Jacobian of right multiplication by a constant matrix.

Question

Jacobian of right multiplication by a constant matrix.

1.7k Views Asked by Bumbble Comm At 28 Mar 2026 - 10:16

I am referring 4th page of this article.

I know that if I have column vectors for $y$ and $x$ s.t. $\vec{y}=W\vec{x}$, then

$$\frac{d\vec{y}}{d\vec{x}}=W.$$

I am also trying to see what happens if I have row vectors, and $\vec{y}=\vec{x}V.$

This time, I think it should be $\frac{d\vec{y}}{d\vec{x}}=V^T$.

But, this article says $\frac{d\vec{y}}{d\vec{x}}=V$ in this case, too.
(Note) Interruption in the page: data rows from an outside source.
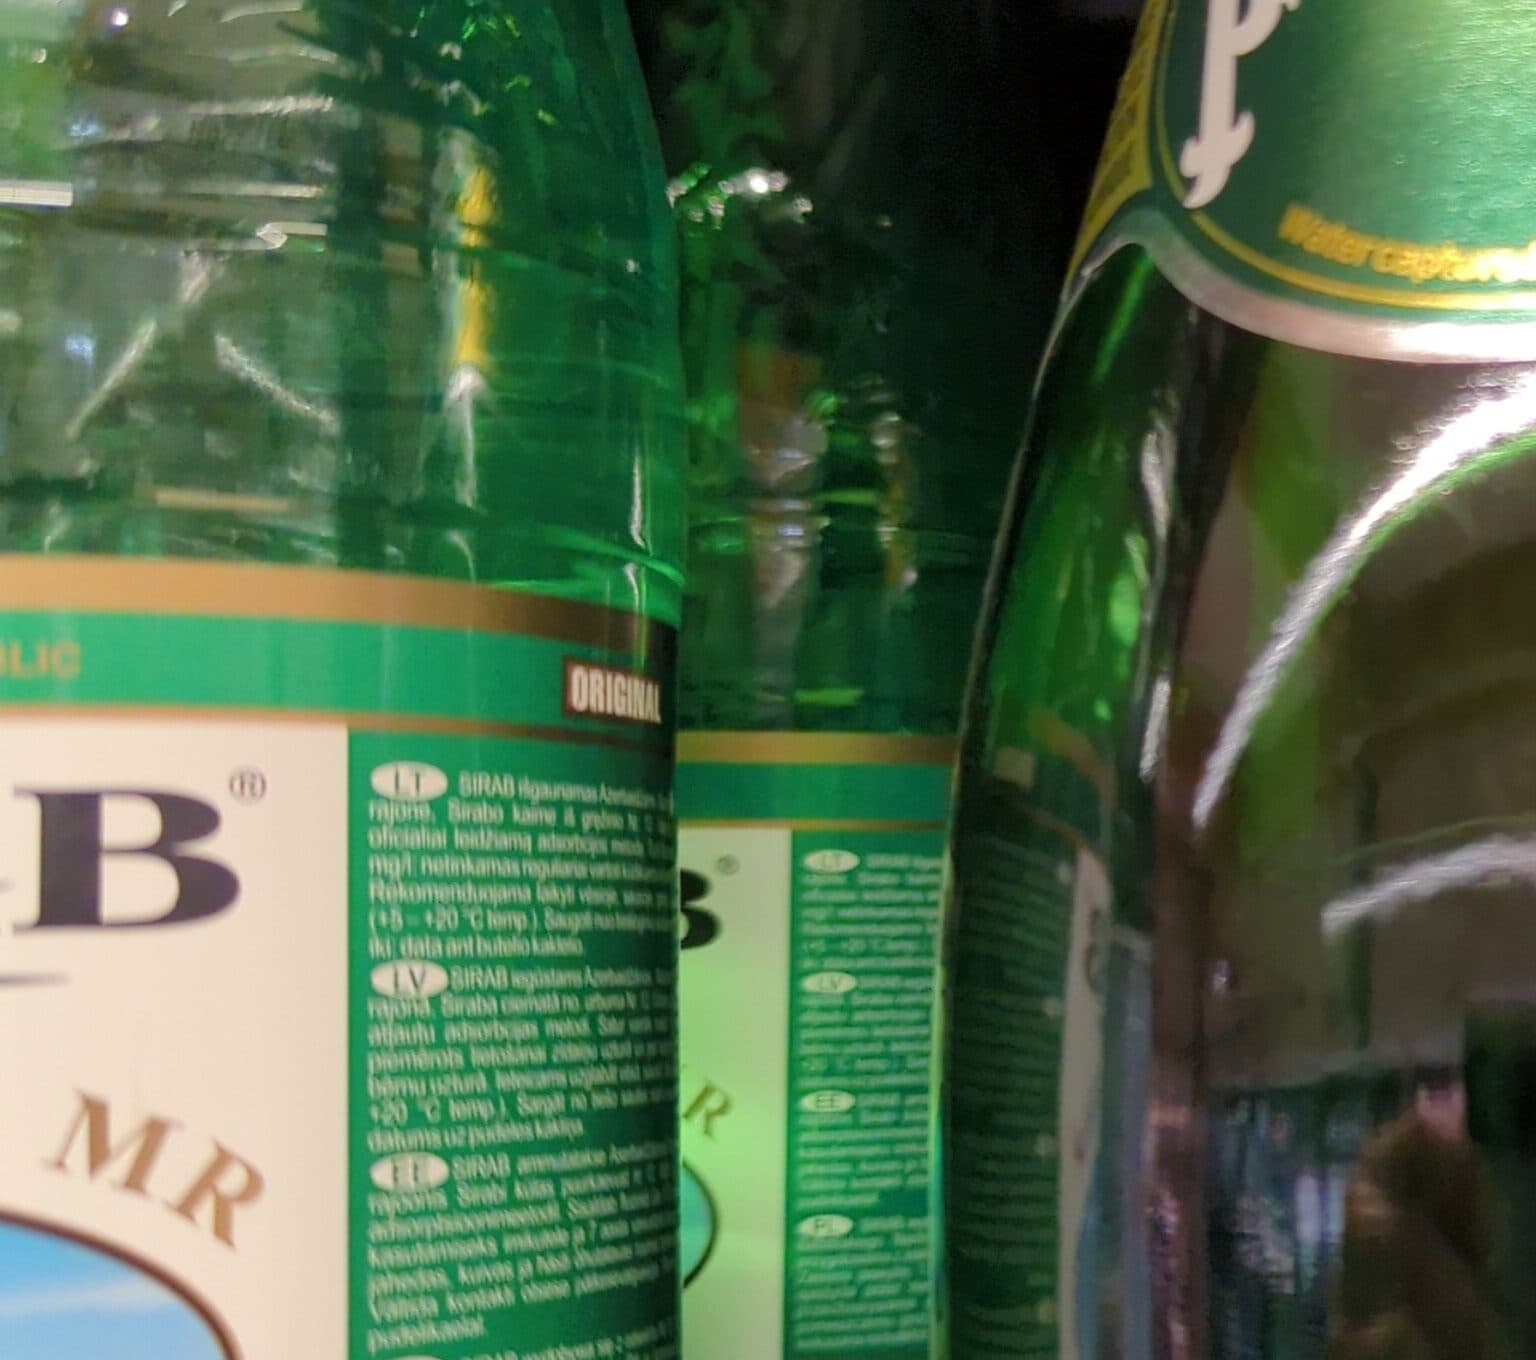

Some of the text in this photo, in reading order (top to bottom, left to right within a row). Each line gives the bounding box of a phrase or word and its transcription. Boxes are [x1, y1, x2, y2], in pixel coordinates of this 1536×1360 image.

[570, 664, 662, 725] ORIGINAL
[0, 784, 241, 936] B
[683, 1080, 732, 1140] R
[43, 1087, 265, 1250] MR
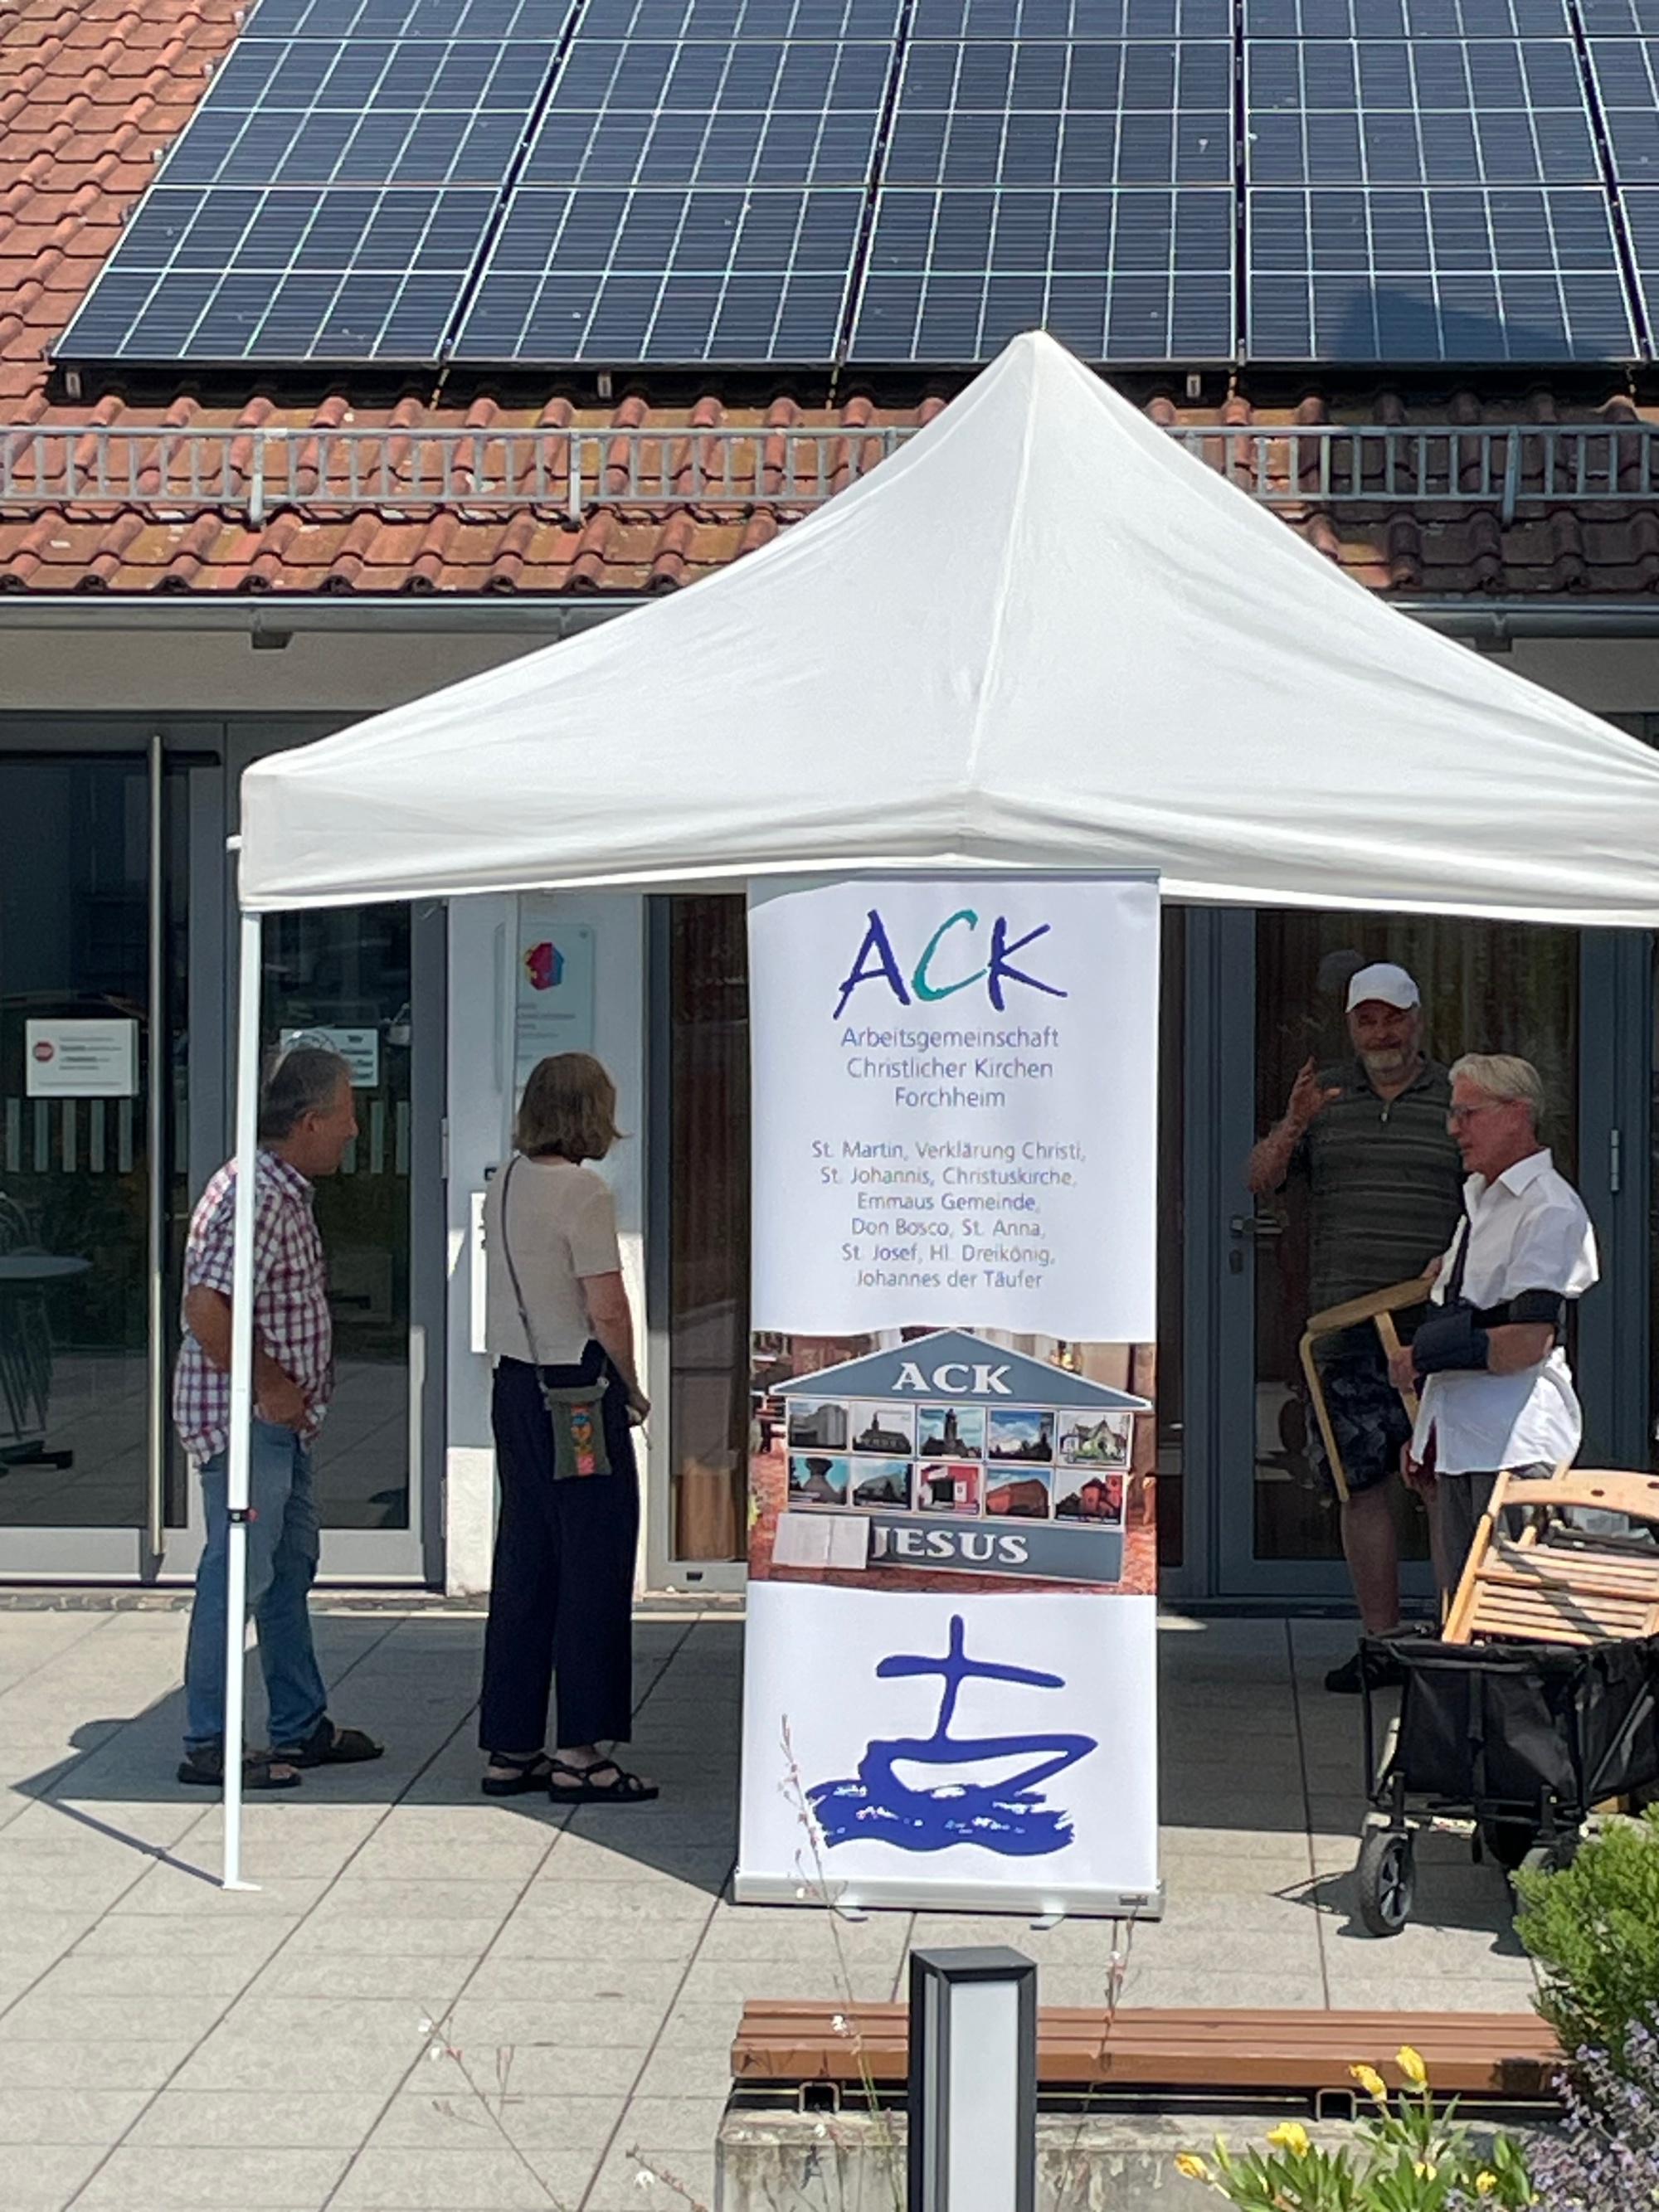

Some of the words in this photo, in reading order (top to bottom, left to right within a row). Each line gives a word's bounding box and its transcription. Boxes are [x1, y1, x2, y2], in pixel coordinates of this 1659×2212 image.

[833, 909, 1068, 1020] ACK
[840, 1026, 1058, 1053] Arbeitsgemeinschaft
[846, 1057, 966, 1078] Christlicher
[975, 1057, 1053, 1078] Kirchen
[895, 1086, 1005, 1108] Forchheim
[811, 1140, 834, 1159] St.
[842, 1140, 908, 1162] Martin,
[915, 1140, 1014, 1163] Verklärung
[1021, 1140, 1086, 1163] Christi,
[820, 1166, 842, 1184] St.
[850, 1166, 935, 1187] Johannis,
[942, 1166, 1077, 1188] Christuskirche,
[857, 1192, 935, 1210] Emmaus
[941, 1192, 1040, 1213] Gemeinde,
[851, 1218, 889, 1236] Don
[896, 1218, 955, 1238] Bosco,
[962, 1218, 985, 1237] St.
[992, 1218, 1046, 1239] Anna,
[871, 1242, 923, 1264] Josef,
[962, 1242, 1056, 1266] Dreikönig,
[856, 1269, 941, 1287] Johannes
[946, 1269, 978, 1288] der
[983, 1270, 1043, 1289] Täufer
[892, 1362, 1013, 1395] ACK
[872, 1526, 1029, 1564] JESUS
Which one is right? Is my thought right or am I misunderstanding?

Original Q&A

There are 2 best solutions below

Bumbble Comm On 04 Nov 2017 - 1:19

The correct answer is $V^T$ for all definitions of derivatives that I know. From my opinion, the mentioned paper is not the best thing to read.

**Bumbble Comm** · Accepted Answer

Hope you brought your spelunking gear... you're about to enter a rabbit-hole.

The unfortunate truth is that there is not universal agreement about what notation like $\frac{d\mathbf{y}}{d\mathbf{x}}$ even means in higher dimensions, and until you agree on the notation and conventions, there is no way to answer your question.

What everybody does agree about is:

Suppose you have a sufficiently well-behaved function $f:\mathbb{R}^n\to\mathbb{R}^m$, a point $\mathbf{p}\in\mathbb{R}^n$, and a vector $\delta \mathbf{p}\in\mathbb{R}^n$. Then you can define the directional derivative of $f$ at the point $\mathbf{p}$ in the direction $\delta \mathbf{p}$ by $$(D_{\delta\mathbf{p}}f)(\mathbf{p}) = \frac{d}{dt} f(\mathbf{p}+t\delta \mathbf{p})\Bigg\vert_{t\to 0}.$$ Intuitively, you ignore everything about $f$ except how it changes if you start moving in the $\delta\mathbf{p}$ direction. You're now left with a 1D calculus problem.(*) What is the "type" of this directional derivative? It's a vector in $\mathbb{R}^m$ (an "infinitesimal change" in the image of $f$).
If the function $f$ is differentiable, the directional derivative is linear in the direction parameter: for any $\mathbf{p}$ and any vectors $\delta\mathbf{p}_1, \delta\mathbf{p}_2$ and $\alpha\in\mathbb{R}$, $$(D_{\delta\mathbf{p}_1 + \alpha \delta\mathbf{p}_2}f)(\mathbf{p}) = (D_{\delta\mathbf{p}_1}f)(\mathbf{p}) + \alpha (D_{\delta\mathbf{p}_2}f)(\mathbf{p}).$$ The most familiar situation is probably the case $n=2,m=1$, where this fact implies that locally, every differentiable $z(x,y)$ looks like a plane if you "zoom in far enough."
At every point $\mathbf{p}$, there is linear function that maps from vectors $\delta \mathbf{p}$ ("infinitesimal changes in $\mathbf{p}$") to vectors $(D_{\delta \mathbf{p}}f)(\mathbf p)$ ("infinitesimal changes in $f(\mathbf{p})$"). It may help to think of the case $n=m=1$. In this trivial case, for functions $f(x):\mathbb{R}\to\mathbb{R}$, the linear map still exists, as is given by $$\delta x \mapsto \frac{df}{dx}\delta x.$$ Right? To map from an infinitesimal change $\delta x$ to an infinitesimal change in $f$, you multiply by the derivative $\frac{df}{dx}$. In 1D the mapping is just a scalar multiplication---that's what the Leibniz notation is supposed to remind you of: the fact that the ordinary derivative represents a ratio(**) of infinitesimal changes. In higher dimensions, the linear mapping still exists, but it's no longer (generally) a scalar rescaling: it's an arbitrary linear function, called in various places the differential, push-forward, or (maddeningly) Jacobian.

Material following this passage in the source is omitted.